• INFORMATION SUPPLIED
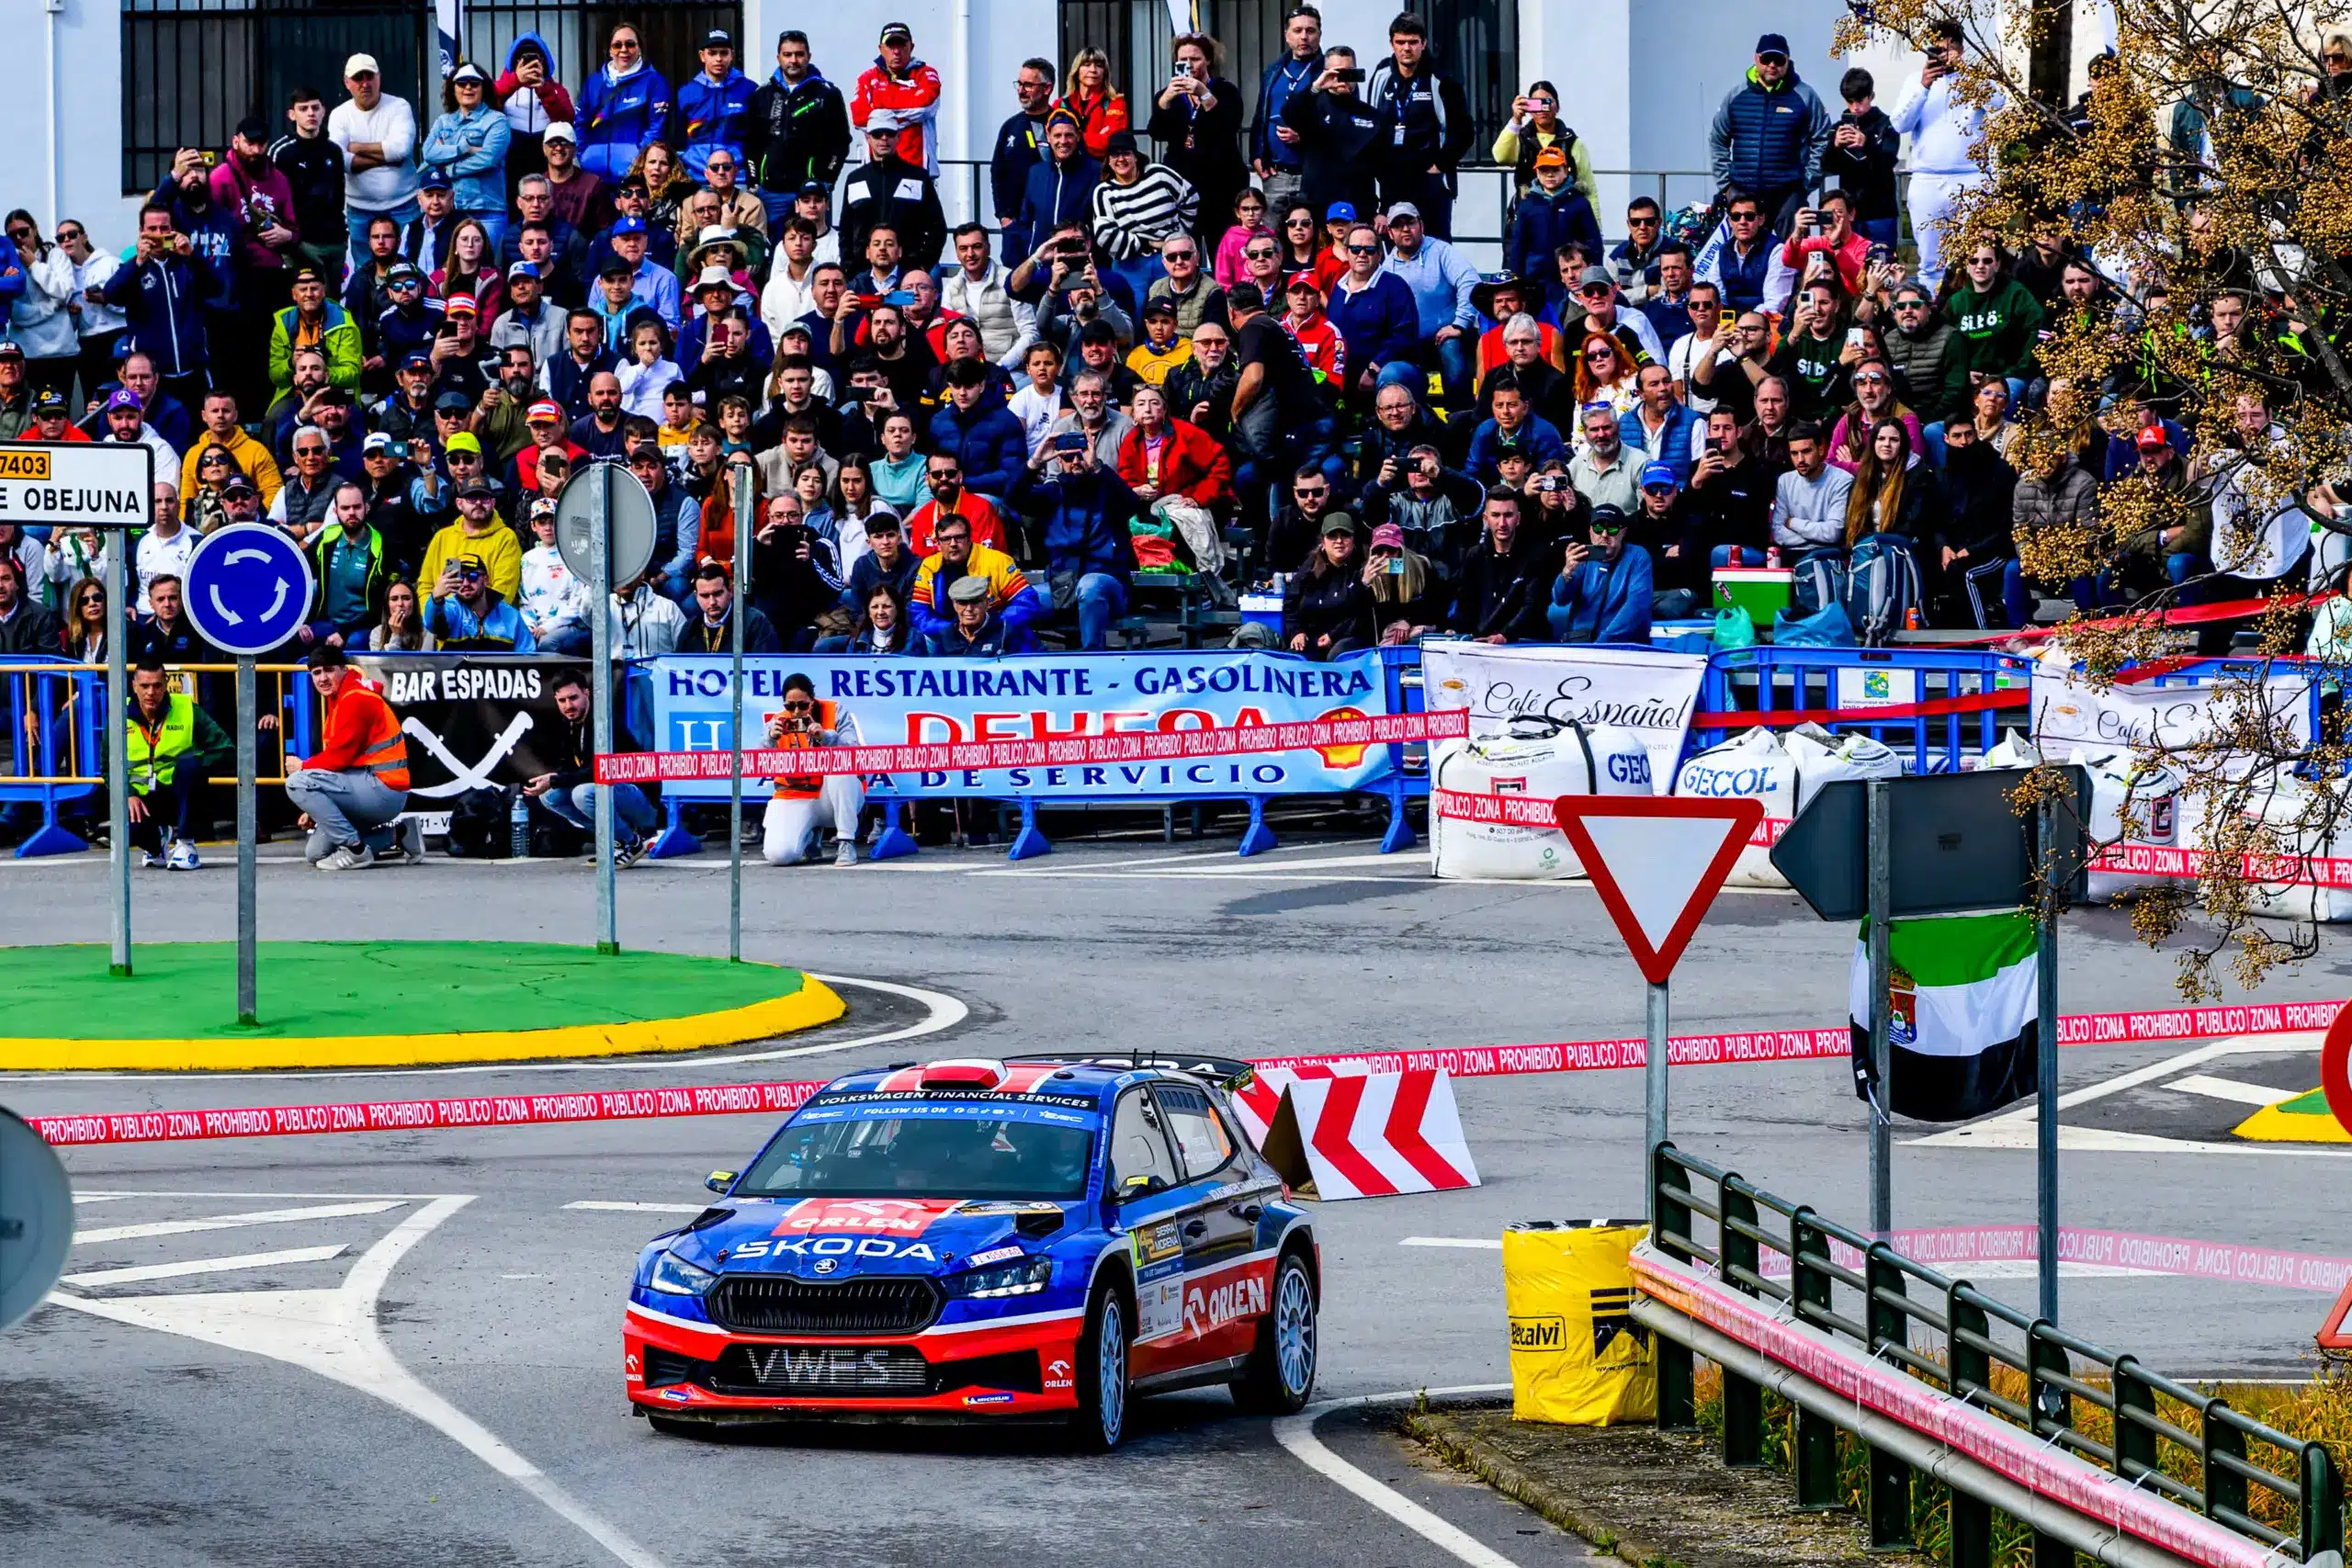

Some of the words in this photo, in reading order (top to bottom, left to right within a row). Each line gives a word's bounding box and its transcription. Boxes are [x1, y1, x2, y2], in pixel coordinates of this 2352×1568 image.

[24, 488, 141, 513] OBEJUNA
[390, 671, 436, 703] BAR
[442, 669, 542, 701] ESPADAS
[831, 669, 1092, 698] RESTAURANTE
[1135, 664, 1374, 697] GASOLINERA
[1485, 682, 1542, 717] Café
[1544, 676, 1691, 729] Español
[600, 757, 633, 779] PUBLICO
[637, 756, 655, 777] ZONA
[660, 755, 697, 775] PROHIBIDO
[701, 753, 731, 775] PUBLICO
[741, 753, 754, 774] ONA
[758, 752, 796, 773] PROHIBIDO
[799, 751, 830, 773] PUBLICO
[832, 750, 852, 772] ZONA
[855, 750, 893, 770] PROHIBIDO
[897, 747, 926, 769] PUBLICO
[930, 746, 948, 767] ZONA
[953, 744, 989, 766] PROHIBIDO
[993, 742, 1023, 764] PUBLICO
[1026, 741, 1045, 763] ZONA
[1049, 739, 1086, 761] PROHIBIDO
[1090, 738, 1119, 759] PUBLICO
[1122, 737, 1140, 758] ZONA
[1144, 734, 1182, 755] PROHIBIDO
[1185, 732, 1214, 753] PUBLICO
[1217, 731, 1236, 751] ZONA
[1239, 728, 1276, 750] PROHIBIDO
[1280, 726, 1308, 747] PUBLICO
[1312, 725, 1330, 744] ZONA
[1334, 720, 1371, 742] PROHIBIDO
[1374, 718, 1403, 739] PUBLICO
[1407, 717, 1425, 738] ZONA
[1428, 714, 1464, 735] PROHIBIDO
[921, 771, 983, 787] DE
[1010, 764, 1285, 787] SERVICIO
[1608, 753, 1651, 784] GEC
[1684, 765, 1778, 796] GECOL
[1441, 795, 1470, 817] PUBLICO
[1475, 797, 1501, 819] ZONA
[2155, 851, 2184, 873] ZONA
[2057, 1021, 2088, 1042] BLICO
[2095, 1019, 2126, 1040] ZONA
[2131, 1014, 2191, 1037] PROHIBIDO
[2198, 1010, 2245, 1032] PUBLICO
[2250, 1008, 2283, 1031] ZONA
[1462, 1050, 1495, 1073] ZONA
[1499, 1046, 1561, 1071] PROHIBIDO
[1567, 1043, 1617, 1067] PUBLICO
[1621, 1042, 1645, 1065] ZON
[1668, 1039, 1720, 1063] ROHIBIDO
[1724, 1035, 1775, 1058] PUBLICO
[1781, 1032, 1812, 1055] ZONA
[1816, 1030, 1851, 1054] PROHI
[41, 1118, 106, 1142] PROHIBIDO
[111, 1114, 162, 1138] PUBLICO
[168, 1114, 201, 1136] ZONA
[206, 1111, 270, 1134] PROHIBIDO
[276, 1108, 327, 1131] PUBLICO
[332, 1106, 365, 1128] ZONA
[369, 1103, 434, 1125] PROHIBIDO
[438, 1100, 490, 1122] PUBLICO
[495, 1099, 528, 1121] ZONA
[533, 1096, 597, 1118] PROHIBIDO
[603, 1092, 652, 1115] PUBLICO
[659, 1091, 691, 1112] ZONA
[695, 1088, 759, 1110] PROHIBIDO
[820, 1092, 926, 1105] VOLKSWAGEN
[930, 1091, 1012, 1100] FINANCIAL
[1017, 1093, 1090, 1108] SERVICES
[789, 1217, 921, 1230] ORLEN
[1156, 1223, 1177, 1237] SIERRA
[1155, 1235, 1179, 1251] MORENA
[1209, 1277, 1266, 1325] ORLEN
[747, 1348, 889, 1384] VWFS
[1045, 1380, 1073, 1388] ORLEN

• WHAT YOU HAVE TO DO
The task calls for repeating each line above exactly while excluding the pictures.

• EXPECTED OUTPUT
Some of the words in this photo, in reading order (top to bottom, left to right within a row). Each line gives a word's bounding box and its transcription. Boxes are [x1, y1, x2, y2], in pixel coordinates of this 2352×1568 image.

[24, 488, 141, 513] OBEJUNA
[390, 671, 436, 703] BAR
[442, 669, 542, 701] ESPADAS
[831, 669, 1092, 698] RESTAURANTE
[1135, 664, 1374, 697] GASOLINERA
[1485, 682, 1542, 717] Café
[1544, 676, 1691, 729] Español
[600, 757, 633, 779] PUBLICO
[637, 756, 655, 777] ZONA
[660, 755, 697, 775] PROHIBIDO
[701, 753, 731, 775] PUBLICO
[741, 753, 754, 774] ONA
[758, 752, 796, 773] PROHIBIDO
[799, 751, 830, 773] PUBLICO
[832, 750, 852, 772] ZONA
[855, 750, 893, 770] PROHIBIDO
[897, 747, 926, 769] PUBLICO
[930, 746, 948, 767] ZONA
[953, 744, 989, 766] PROHIBIDO
[993, 742, 1023, 764] PUBLICO
[1026, 741, 1045, 763] ZONA
[1049, 739, 1086, 761] PROHIBIDO
[1090, 738, 1119, 759] PUBLICO
[1122, 737, 1140, 758] ZONA
[1144, 734, 1182, 755] PROHIBIDO
[1185, 732, 1214, 753] PUBLICO
[1217, 731, 1236, 751] ZONA
[1239, 728, 1276, 750] PROHIBIDO
[1280, 726, 1308, 747] PUBLICO
[1312, 725, 1330, 744] ZONA
[1334, 720, 1371, 742] PROHIBIDO
[1374, 718, 1403, 739] PUBLICO
[1407, 717, 1425, 738] ZONA
[1428, 714, 1464, 735] PROHIBIDO
[921, 771, 983, 787] DE
[1010, 764, 1285, 787] SERVICIO
[1608, 753, 1651, 784] GEC
[1684, 765, 1778, 796] GECOL
[1441, 795, 1470, 817] PUBLICO
[1475, 797, 1501, 819] ZONA
[2155, 851, 2184, 873] ZONA
[2057, 1021, 2088, 1042] BLICO
[2095, 1019, 2126, 1040] ZONA
[2131, 1014, 2191, 1037] PROHIBIDO
[2198, 1010, 2245, 1032] PUBLICO
[2250, 1008, 2283, 1031] ZONA
[1462, 1050, 1495, 1073] ZONA
[1499, 1046, 1561, 1071] PROHIBIDO
[1567, 1043, 1617, 1067] PUBLICO
[1621, 1042, 1645, 1065] ZON
[1668, 1039, 1720, 1063] ROHIBIDO
[1724, 1035, 1775, 1058] PUBLICO
[1781, 1032, 1812, 1055] ZONA
[1816, 1030, 1851, 1054] PROHI
[41, 1118, 106, 1142] PROHIBIDO
[111, 1114, 162, 1138] PUBLICO
[168, 1114, 201, 1136] ZONA
[206, 1111, 270, 1134] PROHIBIDO
[276, 1108, 327, 1131] PUBLICO
[332, 1106, 365, 1128] ZONA
[369, 1103, 434, 1125] PROHIBIDO
[438, 1100, 490, 1122] PUBLICO
[495, 1099, 528, 1121] ZONA
[533, 1096, 597, 1118] PROHIBIDO
[603, 1092, 652, 1115] PUBLICO
[659, 1091, 691, 1112] ZONA
[695, 1088, 759, 1110] PROHIBIDO
[820, 1092, 926, 1105] VOLKSWAGEN
[930, 1091, 1012, 1100] FINANCIAL
[1017, 1093, 1090, 1108] SERVICES
[789, 1217, 921, 1230] ORLEN
[1156, 1223, 1177, 1237] SIERRA
[1155, 1235, 1179, 1251] MORENA
[1209, 1277, 1266, 1325] ORLEN
[747, 1348, 889, 1384] VWFS
[1045, 1380, 1073, 1388] ORLEN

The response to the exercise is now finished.